For some time, physiologists were of the opinion that this perception of speed was innate to a high degree in talented sports-people, or could be acquired. Strangely enough, they were shocked to discover from reaction tests on world-class tennis players that their reaction times were no better than lesser talented individuals. So, what made them better? Apparently, they could "read" the game better. However, in slight contradiction of that theory, there is a growing belief that, in the sensory area of the brain, a skill that has been rehearsed many times becomes memorised, and that when a sports-person wishes to perform that particular skill, the "record" is immediately replayed. These well-rehearsed motor patterns which we can call on without much thought are called engrams by psychologists. Research by Franklin Henry at the University of California revealed that we do not necessarily possess general speed, but may possess specific speed. In other words, there is little if any carry-over from one sport to another unless the skills are nearly identical.
If we pick ten school children of the same age and ask them to sprint 100m flat out three times with adequate rest after each effort, the odds are that the first three places will be filled by the same athletes. But, if the distance were then shortened to 60m the result may differ a little owing to some having a faster reaction time to the gun and possibly better starting technique.
Speed is defined as rate of stride multiplied by length of stride. The first three home in the 100 yards dash may have different speed abilities. One might have a rate of five strides a second and cover 2m per stride, making a total distance of 10m covered in a second.
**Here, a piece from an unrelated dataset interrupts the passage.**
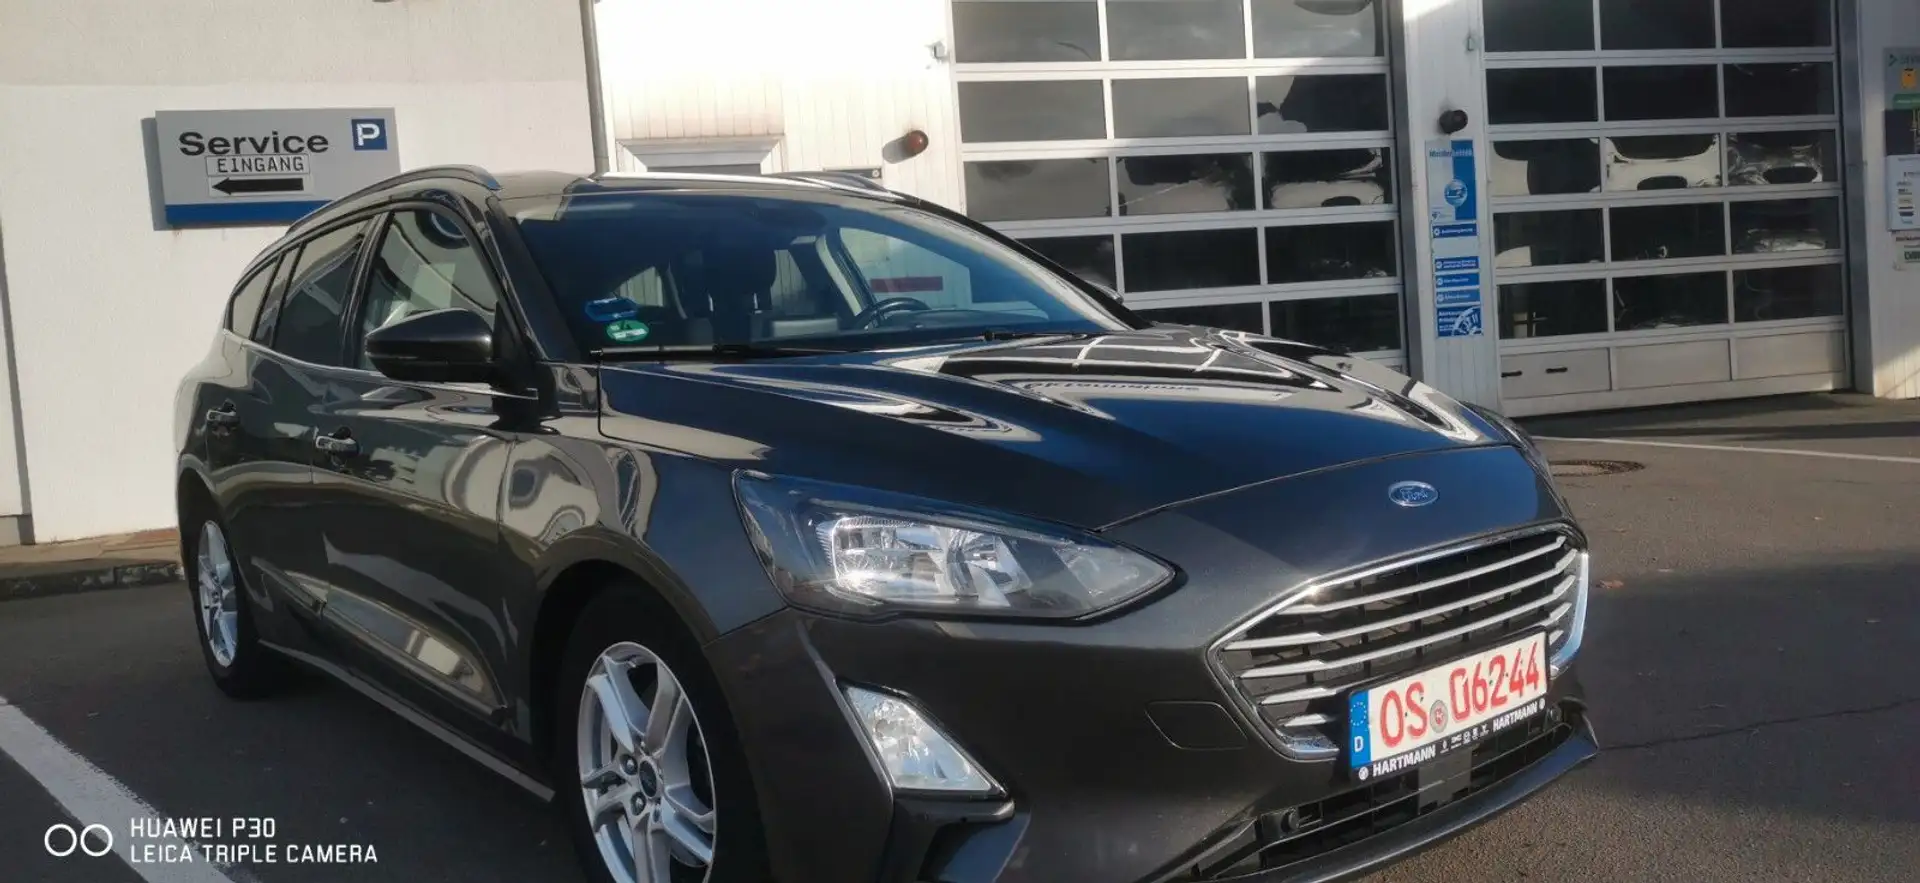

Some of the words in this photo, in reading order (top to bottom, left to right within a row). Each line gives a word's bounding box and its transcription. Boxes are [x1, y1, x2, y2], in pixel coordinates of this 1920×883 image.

But another may only have a rate of four strides a second and cover 2.6m per stride, resulting in 10.4m being covered in a second, slightly faster than the faster striding runner.
While the rapid strider may have more fast-twitch muscle fibres in his legs, the slower strider may be able to exert more force on the ground as his foot pushes off to cover more distance. This latter point is a pungent answer to those who believe that sprinting speed cannot be improved and that we are either born fast or slow. We can improve sprinting speed by specific leg strength exercises which will enable us to cover more distance per stride.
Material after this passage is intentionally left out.